Why Processors are Not Measured in MIPS

MIPS (Millions of Instructions Per Second) was once a popular measure of a processor's speed. However, in the modern world, this metric has become increasingly meaningless for several reasons. Let's explore why MIPS are no longer a reliable standard for evaluating processor performance.

MIPS vs. Modern Processor Capabilities

The primary issue with MIPS is the outdated perspective it provides. In the era when processors were measuring performance in MIPS, they were limited to a few million instructions per second. Today, processors can handle billions, if not trillions, of instructions per second.

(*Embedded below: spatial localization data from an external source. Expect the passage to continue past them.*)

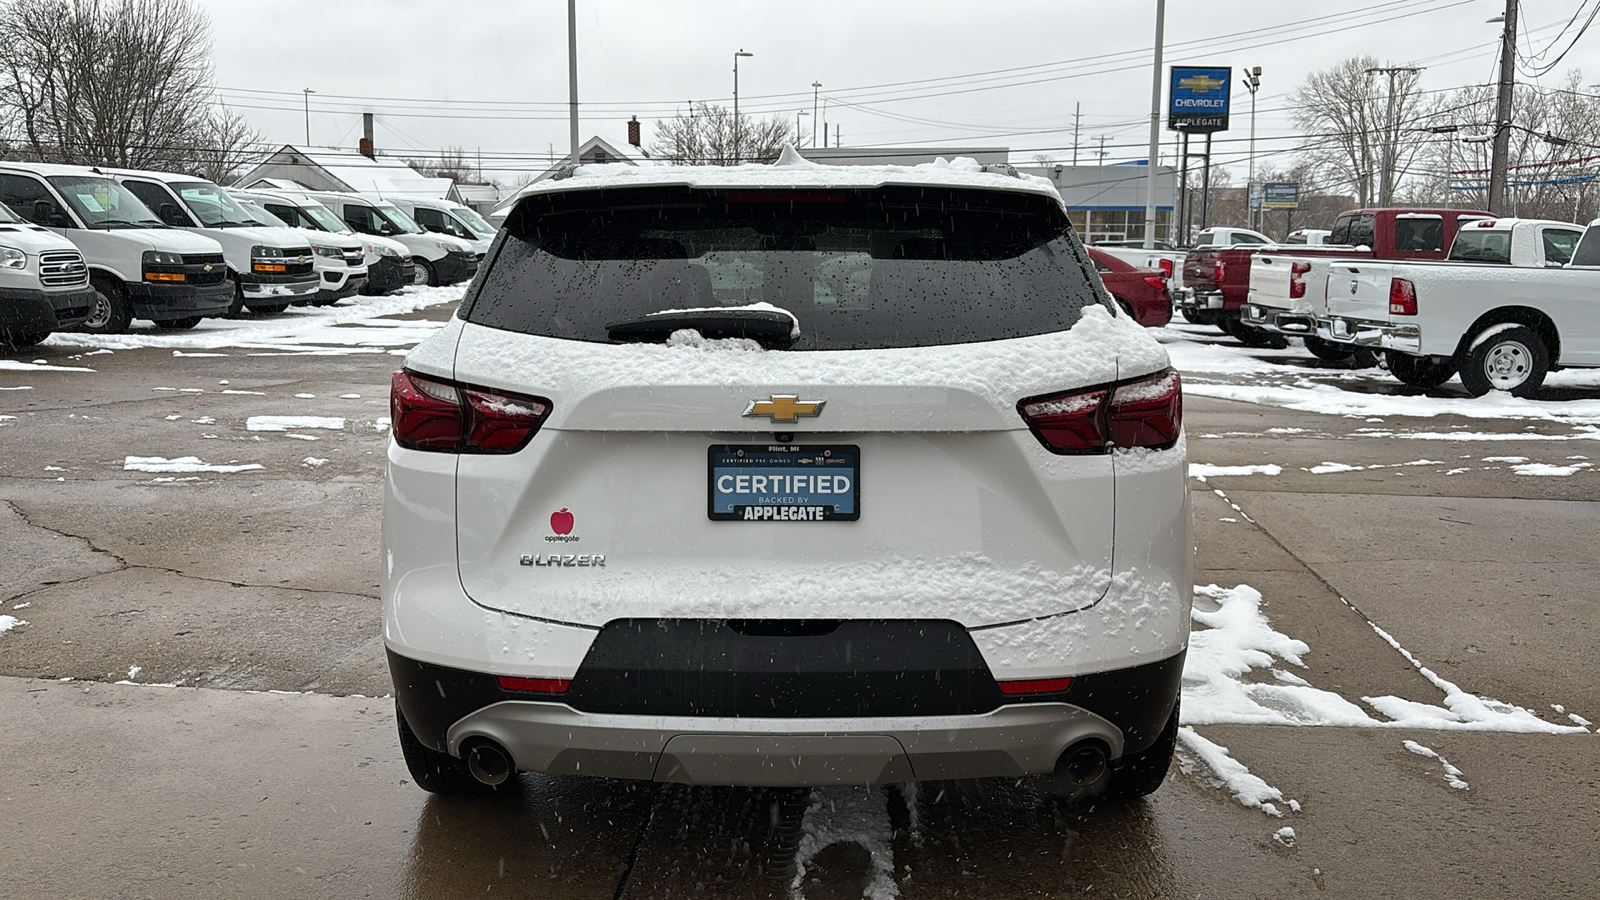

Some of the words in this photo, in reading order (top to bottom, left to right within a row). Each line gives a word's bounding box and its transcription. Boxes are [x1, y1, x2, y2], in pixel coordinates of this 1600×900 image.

[1175, 99, 1224, 108] CHEVROLET
[717, 475, 851, 494] CERTIFIED
[758, 496, 795, 504] BACKED
[797, 496, 810, 504] BY
[743, 506, 824, 521] APPLEGATE
[544, 535, 580, 543] applegate
[519, 553, 606, 567] BLAZER
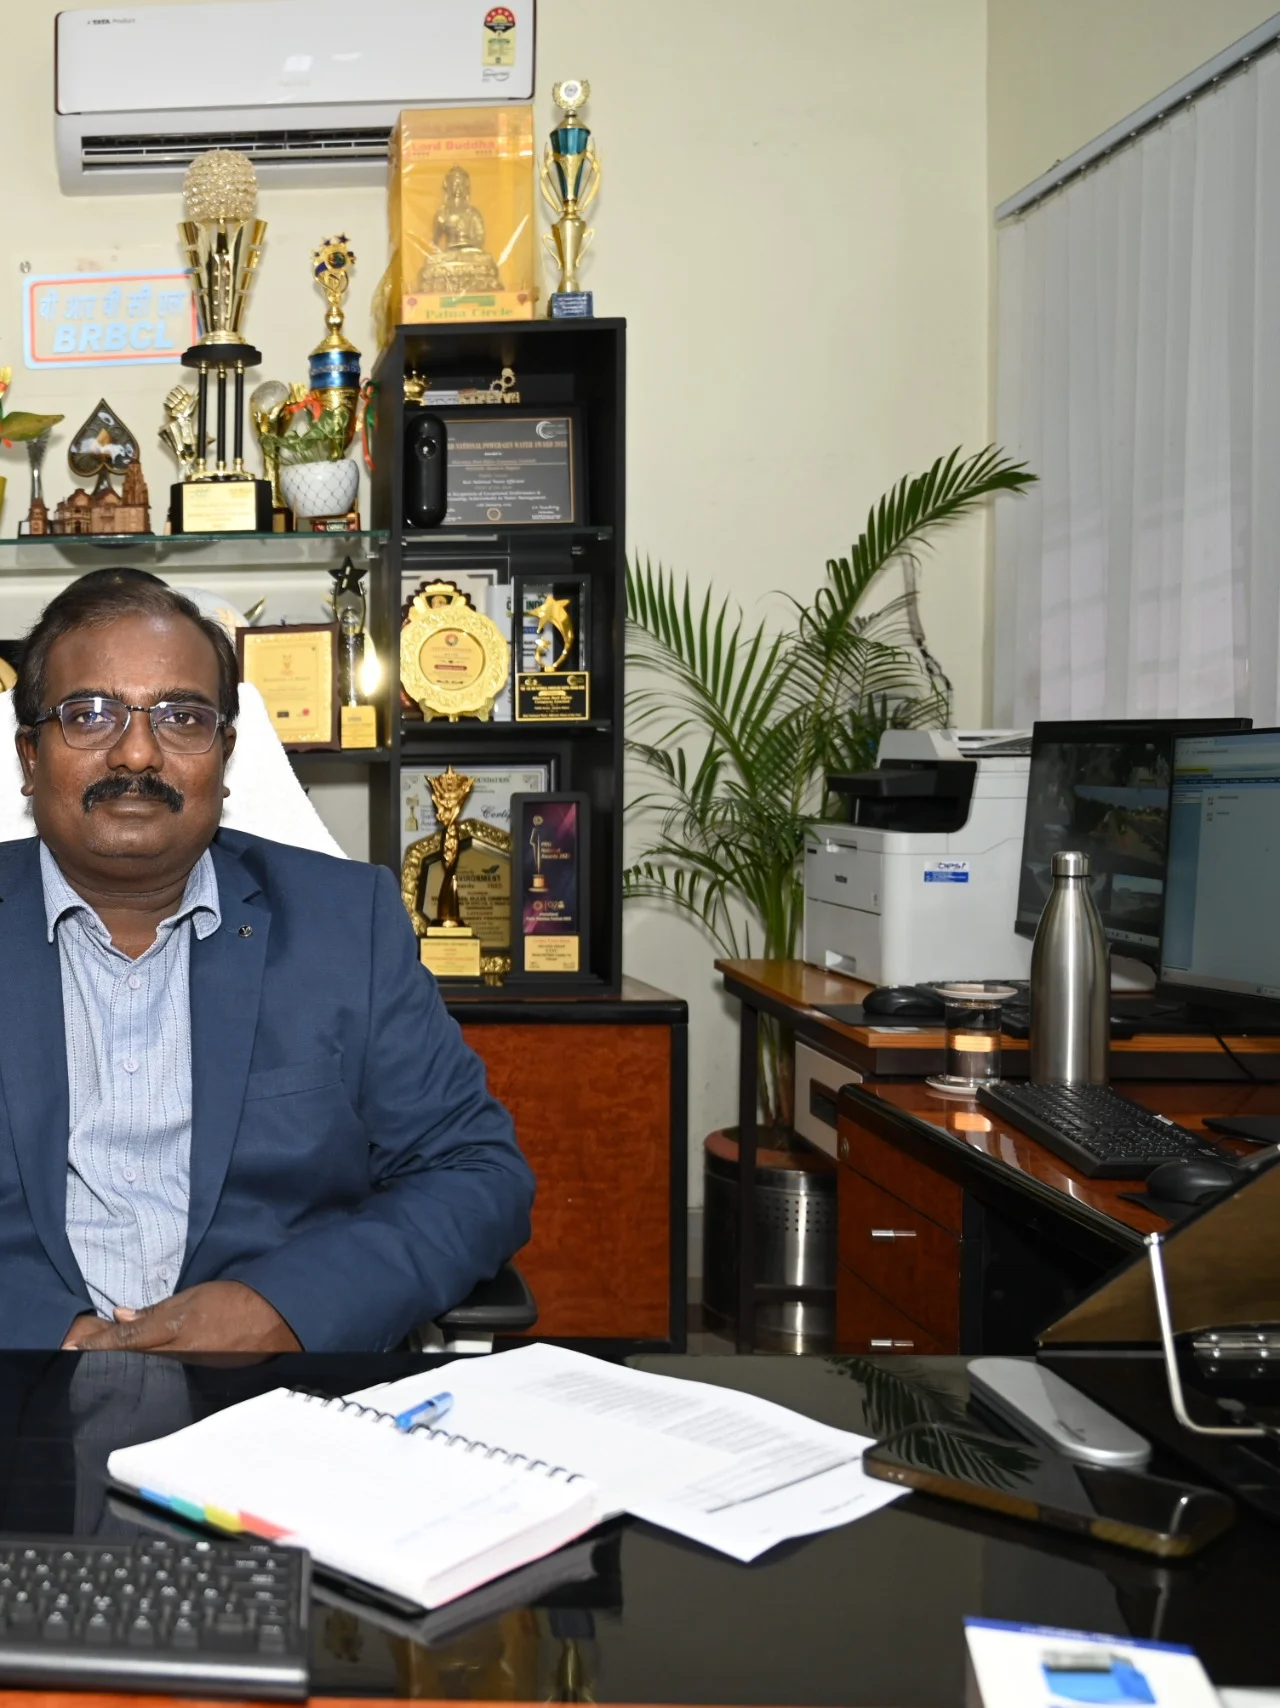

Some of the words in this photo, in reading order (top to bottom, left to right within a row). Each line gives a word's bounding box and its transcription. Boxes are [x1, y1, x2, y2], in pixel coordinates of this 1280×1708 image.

[412, 142, 441, 152] Lord
[446, 140, 495, 150] Buddha
[470, 307, 513, 318] Circle
[53, 320, 174, 354] BRBCL
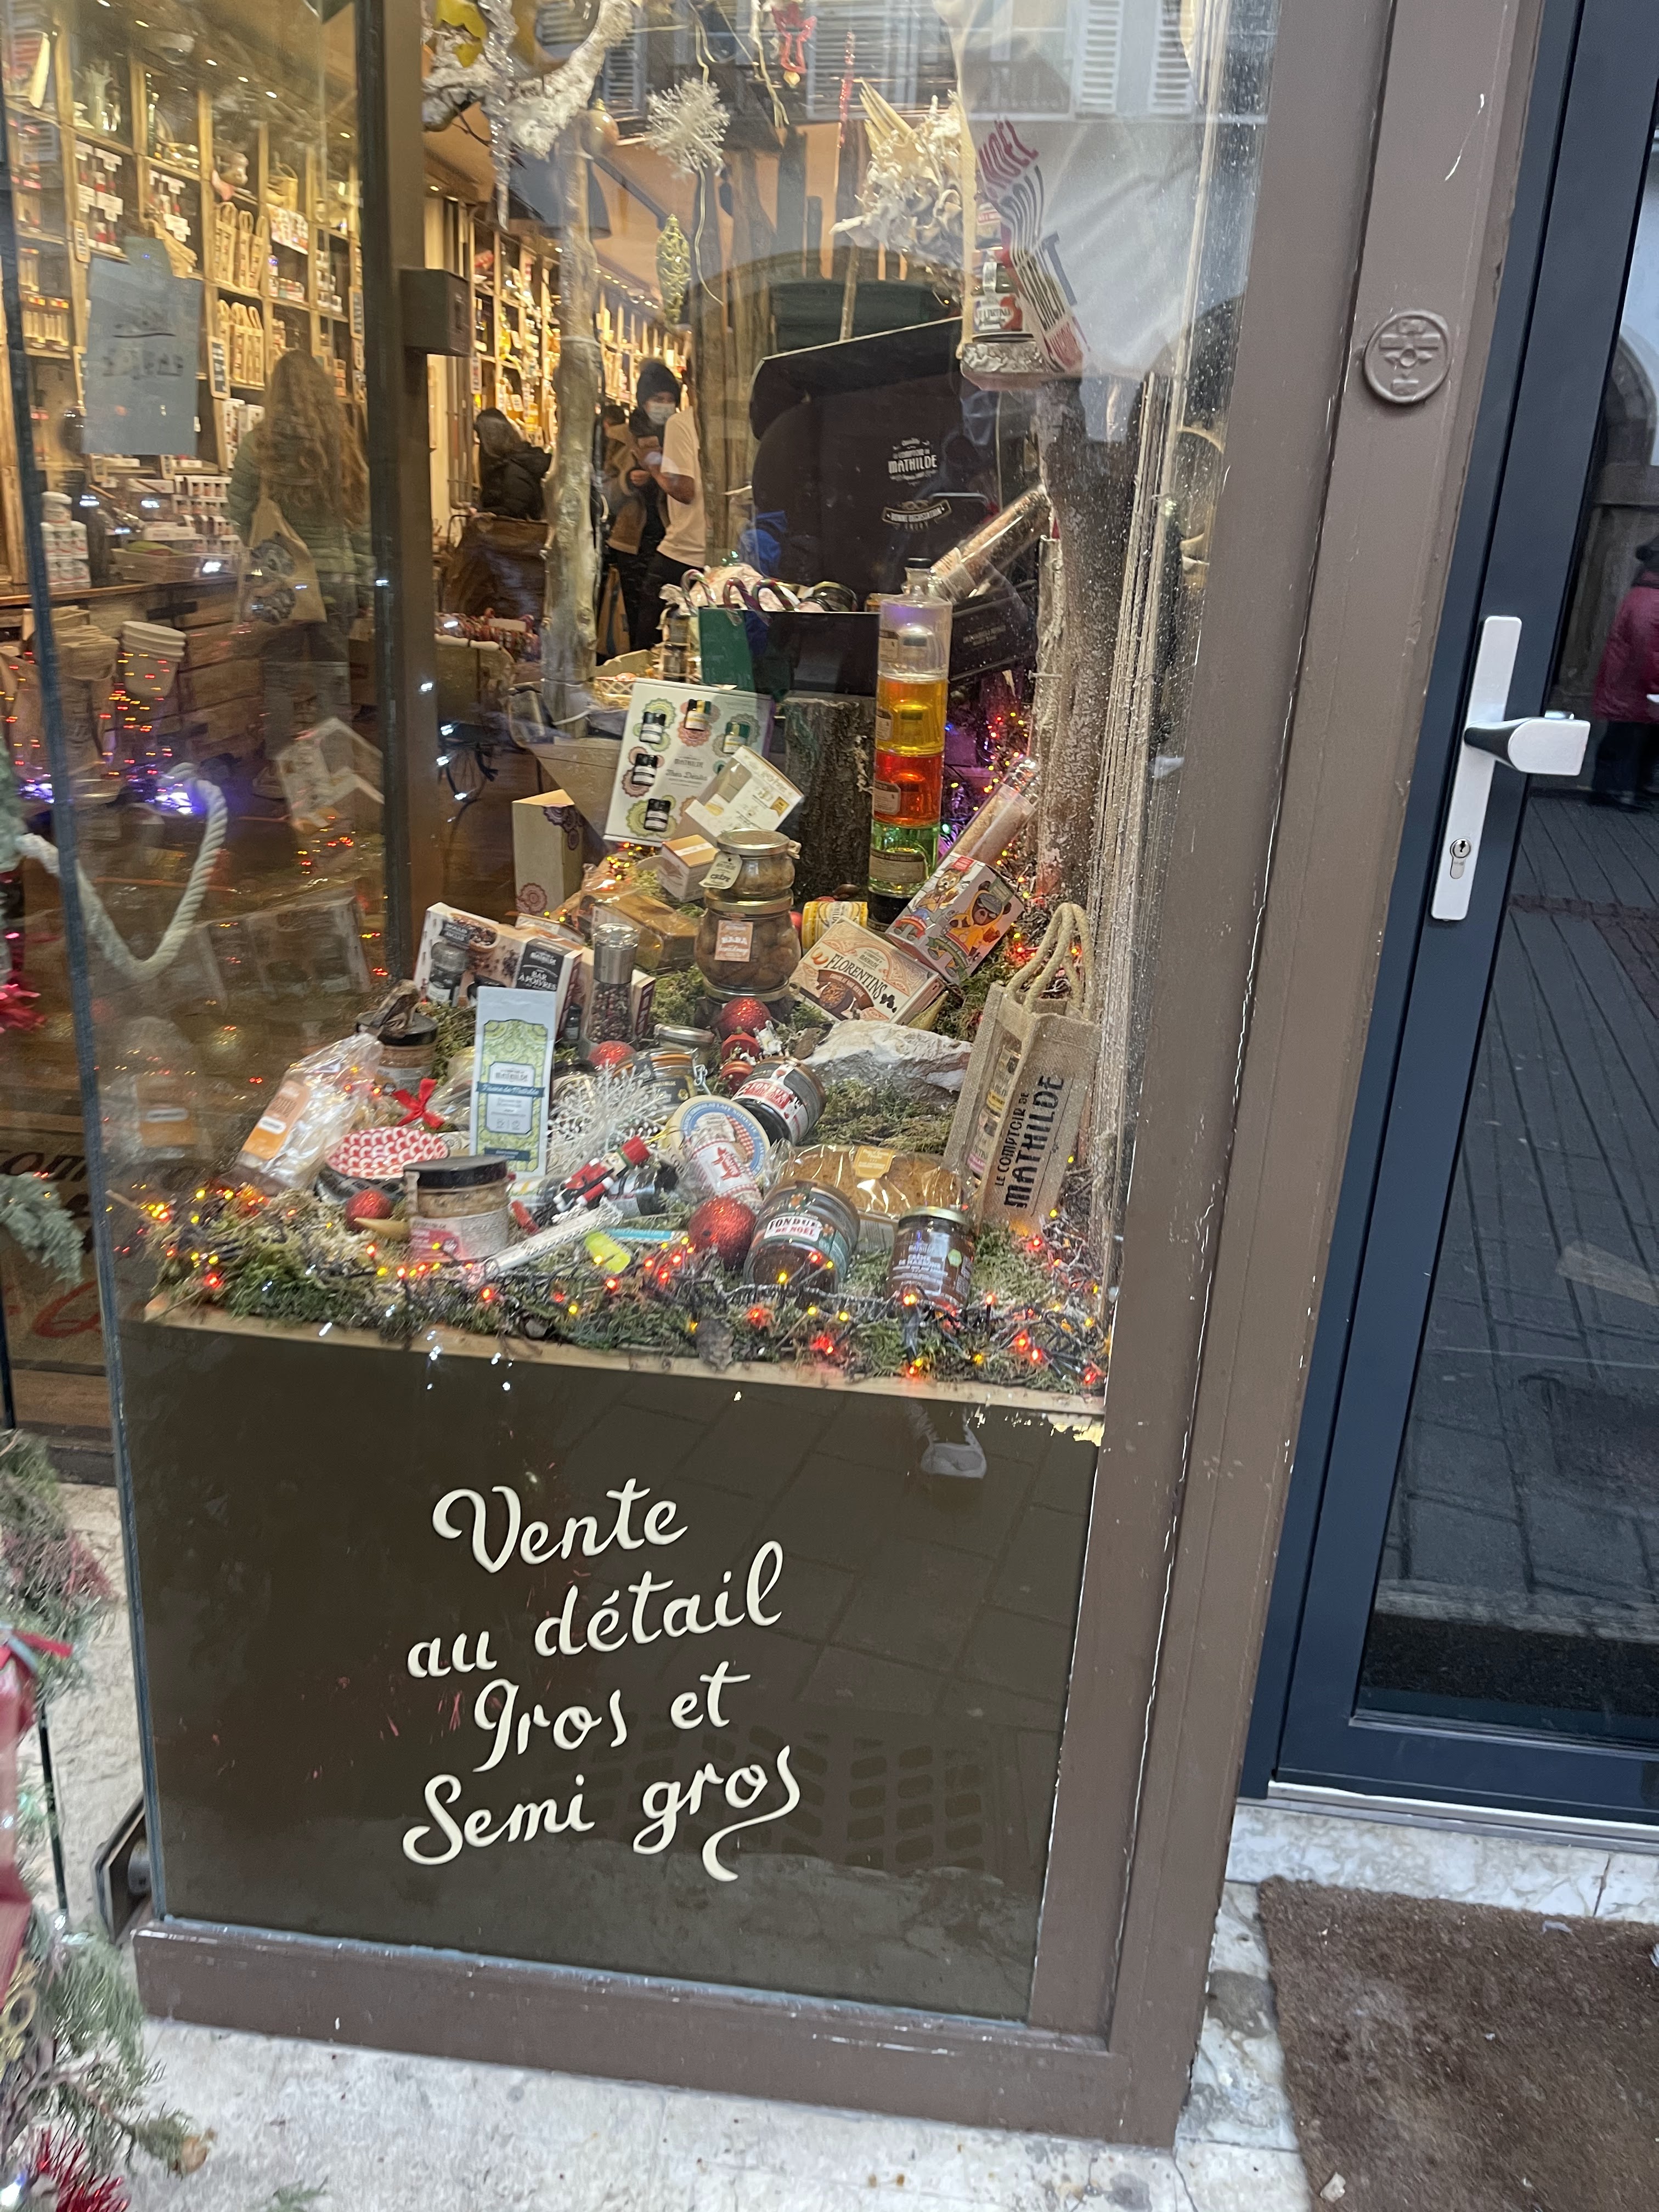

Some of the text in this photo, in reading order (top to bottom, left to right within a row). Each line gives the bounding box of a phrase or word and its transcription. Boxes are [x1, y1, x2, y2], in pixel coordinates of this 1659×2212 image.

[888, 455, 938, 473] MATHILDE
[525, 975, 557, 990] POIVRES
[532, 970, 547, 980] BAR
[823, 953, 888, 1000] FLORENTINS
[1019, 1092, 1029, 1104] DE
[997, 1108, 1026, 1173] COMPTOIR
[1004, 1075, 1064, 1208] MATHILDE
[995, 1175, 1005, 1186] LE
[432, 1478, 688, 1573] Vente
[408, 1540, 783, 1678] au détail
[670, 1661, 751, 1729] et
[403, 1745, 800, 1882] Semi gros
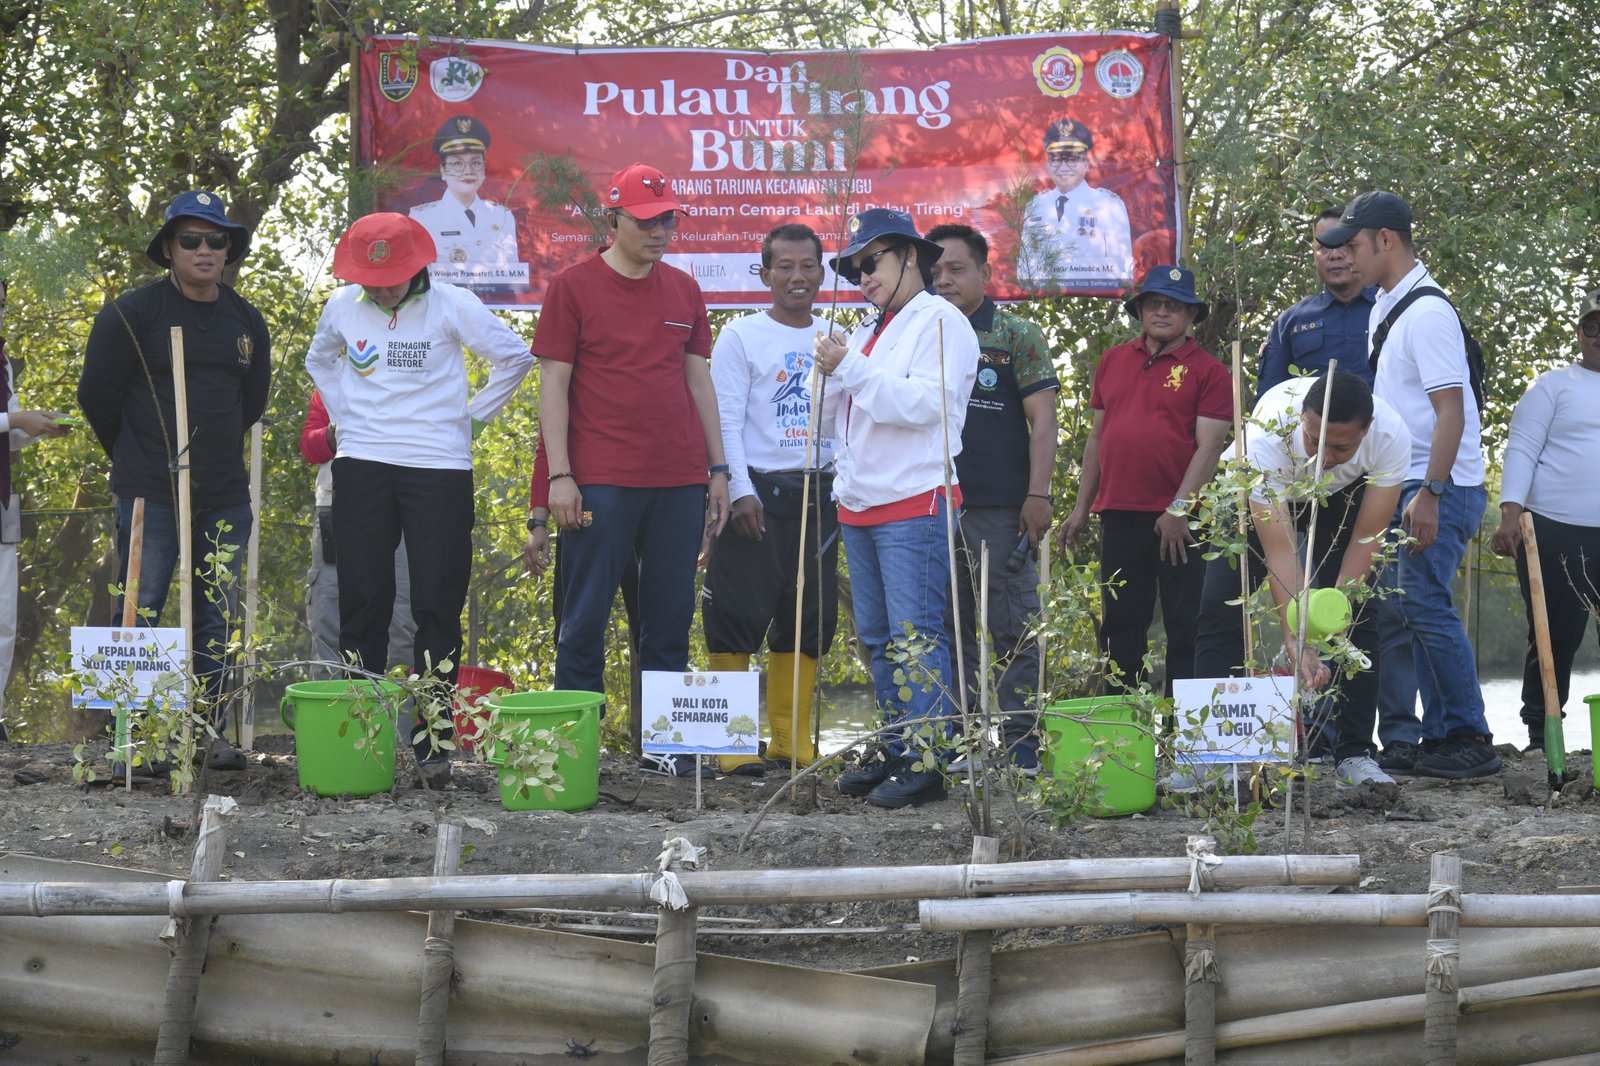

Modern Floating Point Operations: Contemporary processors are designed to perform not just millions but billions or even trillions of floating point operations per second. Graphics processors (GPUs) are particularly potent, capable of executing trillions of operations in parallel. This stark contrast makes MIPS a poor metric for gauging current processor capabilities.

Caching and Performance Optimization

Another reason why MIPS has become meaningless is the use of multiple levels of cache in modern processors. These caches store frequently used data, reducing the number of times the CPU needs to access slower storage locations.

Caching Mechanism: When an operation is performed that goes through the CPU, the cache stores the result. The next time a similar operation is performed, the result is retrieved from the cache, bypassing the CPU entirely. This process, known as caching, significantly boosts performance and is a critical factor in modern computing. Therefore, measuring performance in terms of MIPS is misleading because it underestimates the true efficiency and speed of a processor.

Challenges in Defining an "Operation"

Another limitation of MIPS is the ambiguity associated with the term "operation." In computer science, an "operation" can encompass various tasks, each with varying complexities and execution times.

Variability in Task Complexity: Some operations take just a single clock cycle, while others can require multiple cycles or even entire computation sequences. This variability means that a raw MIPS count does not accurately reflect the overall performance of a processor.

Historical Context: MIPS was heavily referenced in discussions comparing Reduced Instruction Set Computing (RISC) and Complex Instruction Set Computing (CISC) processors. These comparisons, however, were more about marketing and theoretical benefits rather than practical implications.

Modern Performance Metrics

Given the limitations of MIPS, modern processor evaluation relies on a variety of metrics that better reflect real-world performance. Some of these metrics include:

Geometric Mean Scores: These scores provide a balanced view of performance across various workloads. Floating Point Operations per Second (FLOPS): Measures the number of floating point operations a processor can perform. Throughput and Latency: These measures assess how well a processor can handle a continuous stream of tasks (throughput) and the time it takes to complete a single task (latency). CPI (Cycles Per Instruction): This metric, although not as commonly used, provides insight into the efficiency of a processor's instruction set.

These metrics are crucial for evaluating the performance of today’s processors, as they offer a more accurate representation of real-world computational tasks.

Conclusion

While MIPS was once a useful metric for comparing processors, its inherent limitations make it an unreliable standard for modern computing. The combination of multiple levels of cache, variability in task execution time, and the high performance standards of contemporary processors means that more sophisticated metrics are now necessary to accurately assess and compare processor performance.